Persistent organic pollutants (POPs) such as organochlorine pesticides (OCPs), polychlorinated biphenyls (PCBs), and polybrominated diphenyl ethers (PBDEs) are organic substances that have long half-lives, bioaccumulate in the fatty tissues with increasing concentration towards the top of the food chain, and travel long distances in the atmosphere due to their semi-volatility [1]. They are widely used in agriculture, consumer products, and industrial products as well as unintentionally released as by-products from industrial processes and incineration. Exposure to these chemicals occurs through ingestion, inhalation, and absorption. We are exposed not only to a single chemical but to several chemicals simultaneously, resulting to mixtures that are associated with adverse outcomes [2,3,4]. Although many of these compounds have been strictly regulated in Europe including Sweden through the Stockholm Convention in 2001 [5], they still exist in the environment due to their high resistance to degradation. This has become a global health concern as studies of humans, wildlife populations, and epidemiological cohorts show associations between POP exposure and adverse effects on reproductive and endocrine functions [1, 6].

Since reproduction is regulated by hormones, infertility may occur when the endocrine system is disrupted. Infertility is the inability to achieve clinical pregnancy after 12 months of regular unprotected sexual intercourse [7]. By contrast, fertility is the actual production of a live offspring while fecundity is the ability to conceive given unprotected intercourse. Fecundability is the probability of becoming pregnant and is measured by time-to-pregnancy (TTP), which is the number of menstrual cycles or months without the use of contraceptives until a clinically detectable pregnancy is achieved [8, 9]. TTP has been used as a marker for fecundability of both parents to identify environmental exposures as potential hazards to human reproduction, encompassing series of biological events such as gametogenesis, fertilization, and implantation. Increased TTP may then indicate a problem in any or several of these stages [10].

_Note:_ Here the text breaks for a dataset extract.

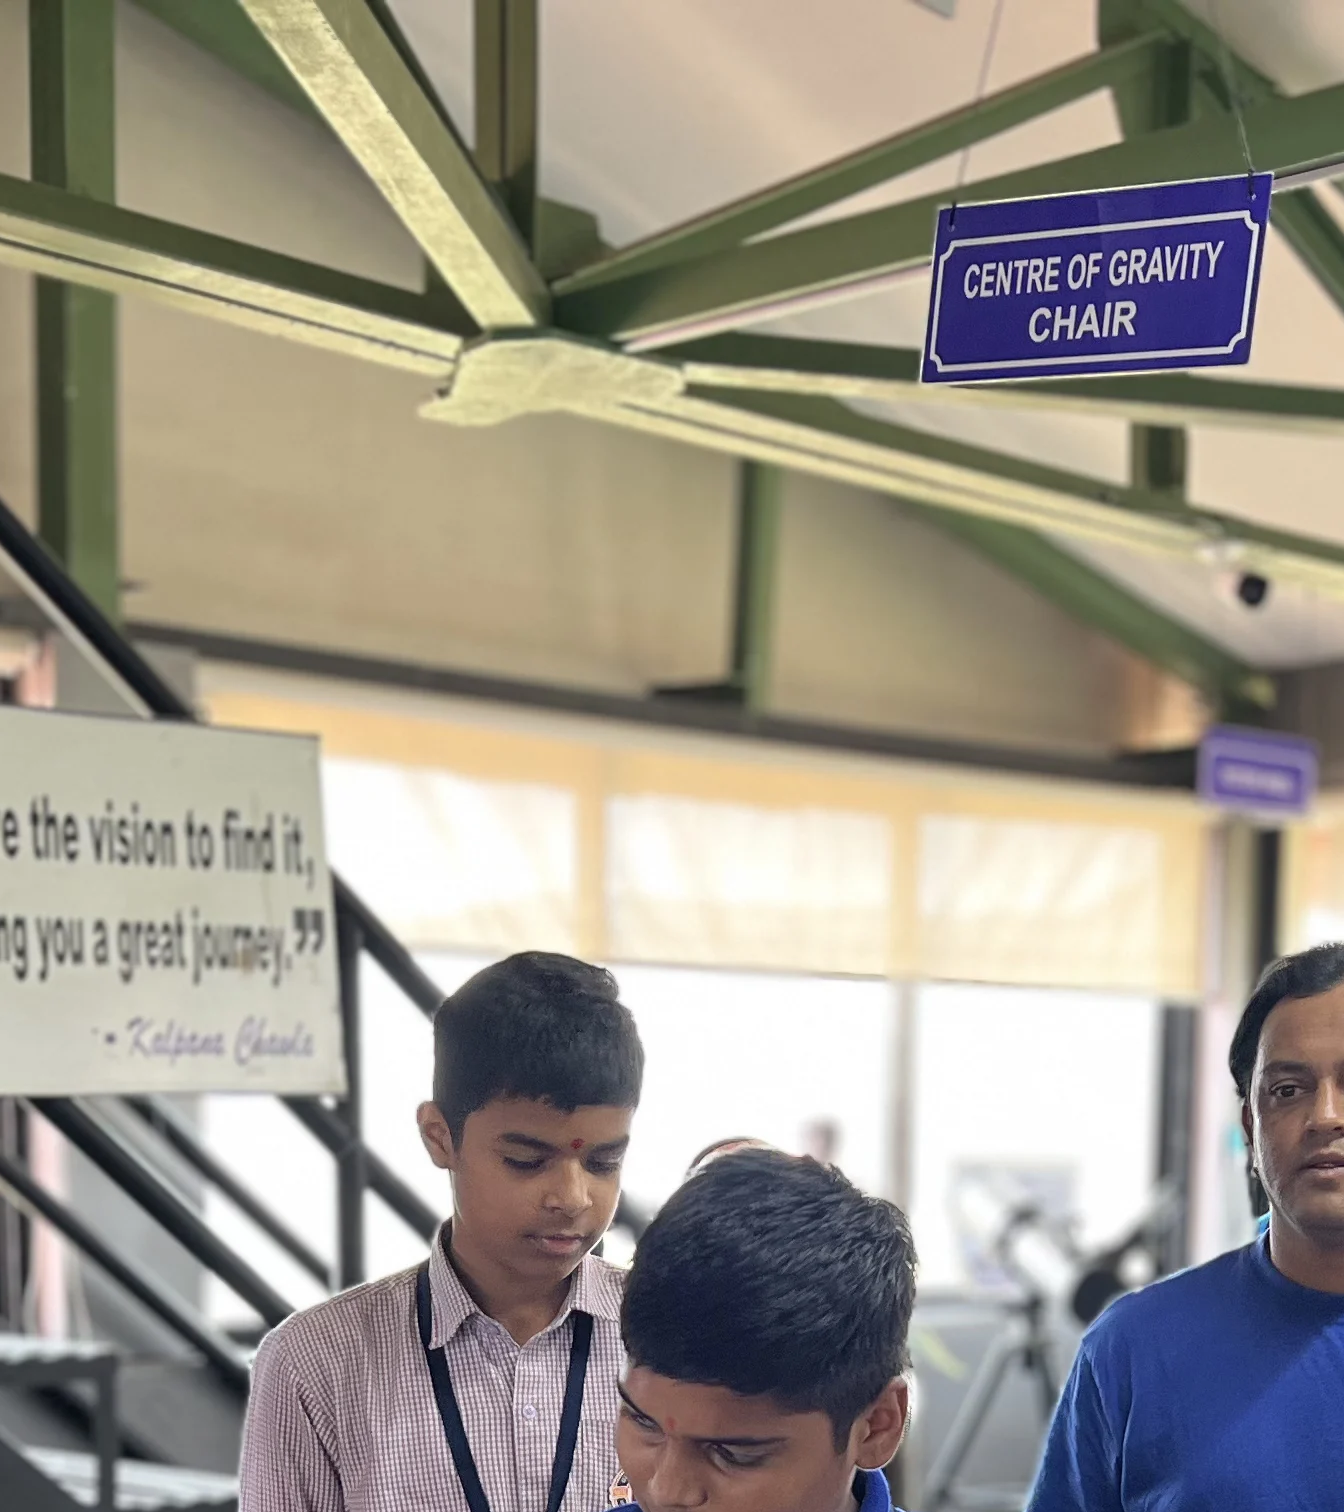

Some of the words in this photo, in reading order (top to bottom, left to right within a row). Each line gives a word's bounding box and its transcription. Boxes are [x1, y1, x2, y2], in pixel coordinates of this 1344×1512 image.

There are several factors that affect female fertility. While biological factors such as age and BMI are inversely associated with fertility [11, 12], use of combined oral contraceptives (COCs), which is composed of both estrogen and progesterone, have contradicting studies about its association to return to fertility [13,14,15]. In addition, environmental risk factors such as exposure to POPs may also reduce fertility. Detection of environmental chemicals in human follicular fluid, serum, and seminal plasma led to the hypothesis of susceptibility of the reproductive function to disruption of biosynthesis and metabolism of hormones such as estrogen and progesterone [16, 17]. While POPs have been found to have effects on conception rates, menstrual cycles, and birth outcomes in animals such as rhesus monkeys and rodents [18, 19], previous human epidemiological studies have contradicting results. Some studies reported longer TTP for women exposed to POPs [20,21,22]. However, others did not find this association [23, 24]. These inconsistencies warrant further studies to explore the hazards of exposure to POPs and COC use.

Aim of the study

The goal of this study is to investigate the association between exposure to POPs, both individually and as a mixture, during early pregnancy and fecundability measured as time-to-pregnancy (TTP) in regard to pre-pregnancy use of COCs and age.

Methods

Study population

This study utilized the Swedish Environmental Longitudinal, Mother and child, Asthma and allergy (SELMA) study, a pregnancy cohort with the primary aim to investigate the importance of early life exposure to environmental toxicants with focus on endocrine disrupting chemicals (EDCs) during the pregnancy and infancy period for health and development in the children [25]. Pregnant women were recruited from September 2007 to March 2010 during their first visit (median = 10 weeks age of gestation) at antenatal care centers in Värmland, Sweden. Out of 8394 women, 7119 were invited and 2582 (39%) consented to participate. Maternal blood was collected, and questionnaires were used to gather information regarding their medical history, lifestyles, and socioeconomic status. Questions on TTP were asked by midwife at enrollment. From the original cohort, only women with complete data on TTP, serum POP concentrations, age, parity, preventive method, regularity of menses, BMI, and lifestyle factors were included in this study (n = 818) (Supp Fig. 1).

Time-to-pregnancy (TTP)

Fecundability or the probability of pregnancy in each cycle was measured through TTP, a sensitive and convenient marker used to study environmental exposures. Women were asked “How long have you been trying to get pregnant?” with answers in years and months. Additional questions on pre-pregnancy contraceptive use and reproductive history were also inquired. They were asked “What was the preventive method you used before you became pregnant?” and when they stopped using it. They were also asked if they have regular or irregular menses.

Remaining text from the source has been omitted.